Chonan Masashi, Suzuki Yasuhiro, Haryu Shinya, Mashiyama Shoji, Tominaga Teiji
Department of Neurosurgery, Iwaki Kyoritsu Hospital, 16 Kusehara, Uchigo Mimaya-machi, Iwaki, Fukushima 973-8555 Japan.
Department of Neurosurgery, Tohoku University Graduate School of Medicine, 1-1 Seiryo-machi, Aoba-ku, Sendai, 980-8575 Japan.
Springerplus. 2016 Oct 7;5(1):1746. doi: 10.1186/s40064-016-3439-z. eCollection 2016.
Sturge-Weber syndrome (SWS) is a rare congenital disease that affects the brain, skin, and eyes, and is a sporadically occurring neurocutaneous syndrome that affects intracerebral veins, which is associated with venous thrombosis. However, intracranial hemorrhage in patients with SWS is rare. We herein report a rare case of SWS with intracerebral hemorrhage derived from sinus thrombosis.

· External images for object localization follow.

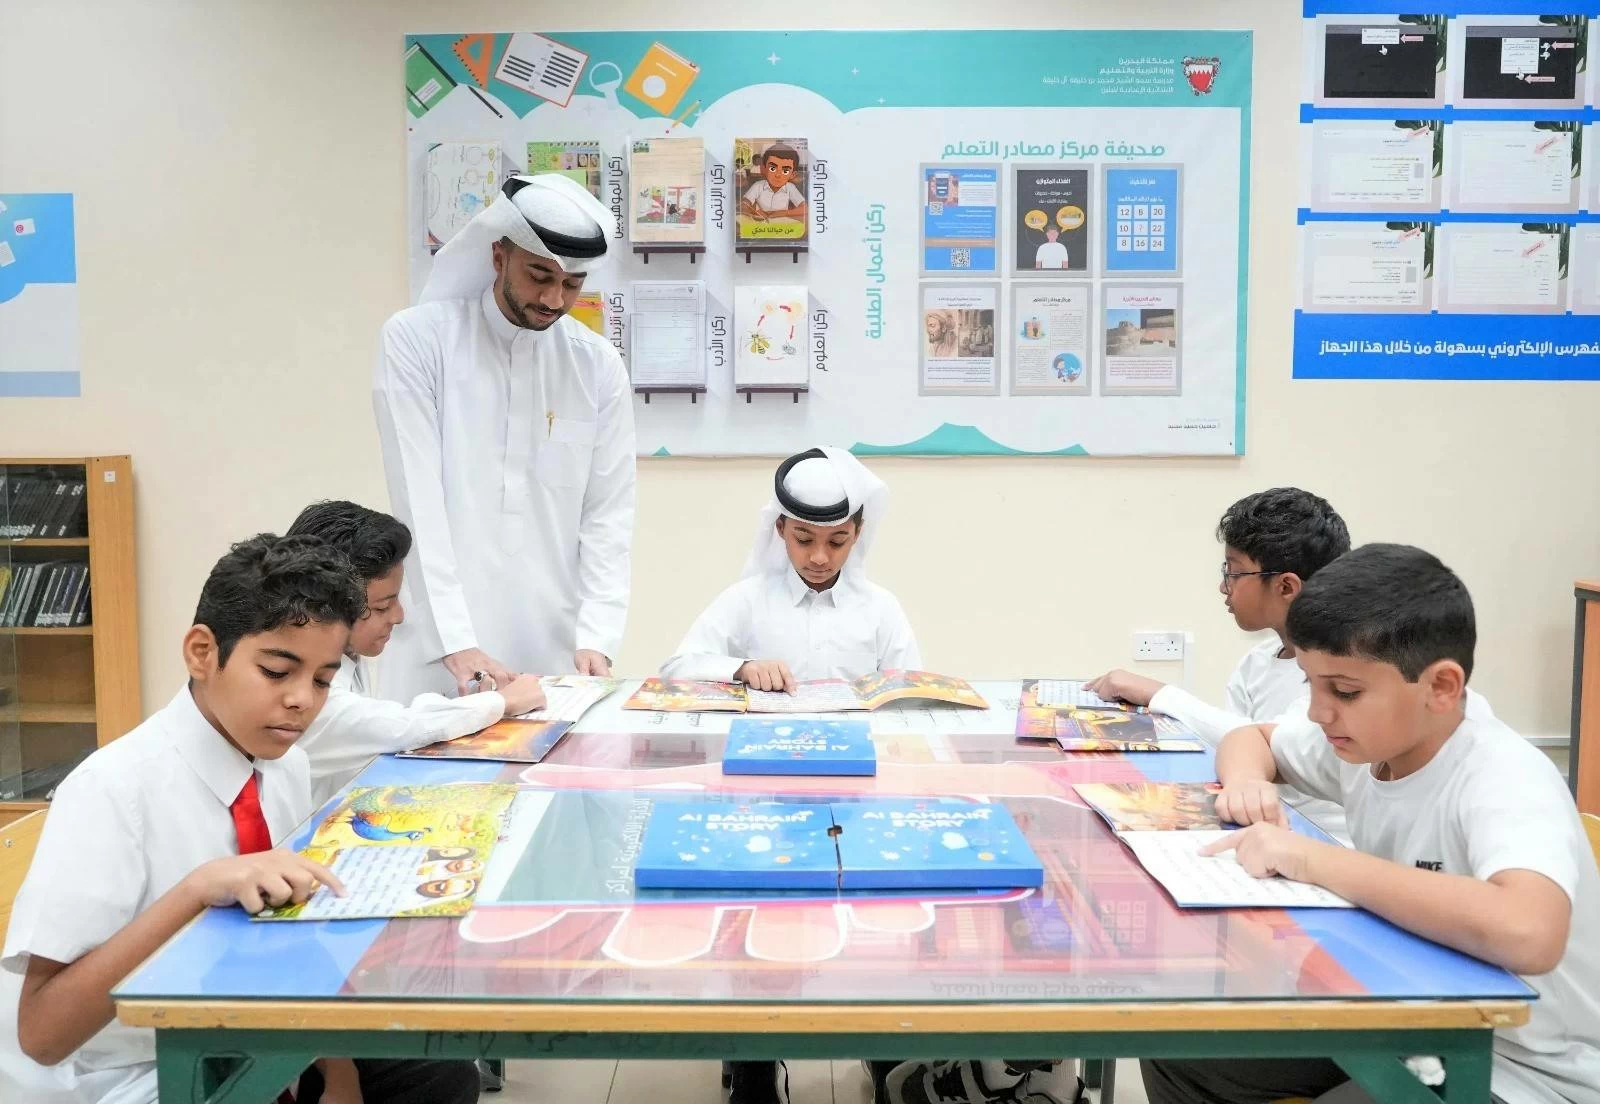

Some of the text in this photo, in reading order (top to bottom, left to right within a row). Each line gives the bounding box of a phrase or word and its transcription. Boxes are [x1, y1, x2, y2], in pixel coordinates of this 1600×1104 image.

[941, 141, 1165, 160] صحيفة مركز مصادر التعلم
[609, 156, 624, 177] ركن
[711, 164, 726, 185] ركن
[813, 159, 828, 233] ركن الحاسوب
[1120, 208, 1130, 216] 12
[1153, 208, 1163, 216] 20
[1152, 240, 1162, 248] 24
[861, 204, 887, 339] ركن أعمال الطلبة
[610, 292, 625, 313] ركن
[705, 316, 727, 367] ركن الأدب
[813, 309, 828, 371] ركن العلوم
[1319, 340, 1600, 358] فهرس الإلكتروني بسهولة من خلال هذا الجهاز
[679, 813, 808, 822] AI BAHRAIN
[862, 811, 990, 820] AI BAHRAIN
[892, 819, 965, 827] STORY
[705, 822, 780, 831] STORY

A 62-year-old man suddenly fell into a coma and was admitted to our hospital. His neurological status was assessed as GCS 6 (E1V1M4) with right-sided hemiparesis. At birth, he had a right-sided facial port-wine stain typical of SWS that involved the ophthalmic division of the trigeminal nerve. Laboratory findings showed that he was dehydrated, and his serum D-dimer concentration was increased. Computed tomography revealed left thalamic hemorrhage with acute hydrocephalus and cortical calcification in the right occipital lobe. Magnetic resonance imaging displayed a vascular malformation of the right cerebral hemisphere consistent with SWS. Magnetic resonance venography showed steno-occlusion of the superior sagittal sinus, straight sinus, and left internal cerebral vein (ICV). Emergency ventricular drainage was performed. Seven days after surgery, his consciousness improved to GCS 14 (E4V4M6). Rehydration therapy was performed to prevent sinus thrombosis.
His postoperative course was uneventful. Sudden congestion of the left ICV may have caused left thalamic hemorrhage.
SWS with major sinus occlusion needs to be diagnosed with utmost caution in order to allow for preoperative neurological and radiological assessments.
斯特奇-韦伯综合征(SWS)是一种罕见的先天性疾病,累及脑、皮肤和眼睛,是一种偶发性的神经皮肤综合征,影响脑内静脉,与静脉血栓形成有关。然而,SWS患者发生颅内出血的情况较为罕见。我们在此报告一例罕见的SWS合并源于静脉窦血栓形成的脑出血病例。
一名62岁男性突然昏迷,被送入我院。其神经状态评估为格拉斯哥昏迷量表(GCS)评分为6分(睁眼1分、语言1分、运动4分),伴有右侧偏瘫。出生时,他有典型的SWS右侧面部葡萄酒色斑,累及三叉神经眼支。实验室检查结果显示他脱水,血清D-二聚体浓度升高。计算机断层扫描显示左侧丘脑出血伴急性脑积水以及右侧枕叶皮质钙化。磁共振成像显示右侧大脑半球血管畸形,符合SWS表现。磁共振静脉血管造影显示上矢状窦、直窦和左侧大脑内静脉(ICV)狭窄闭塞。进行了紧急脑室引流。术后7天,他的意识恢复到GCS 14分(睁眼4分、语言4分、运动6分)。进行了补液治疗以预防静脉窦血栓形成。
他术后恢复过程顺利。左侧ICV突然充血可能导致了左侧丘脑出血。
对于伴有主要静脉窦闭塞的SWS,需要极其谨慎地进行诊断,以便进行术前神经学和放射学评估。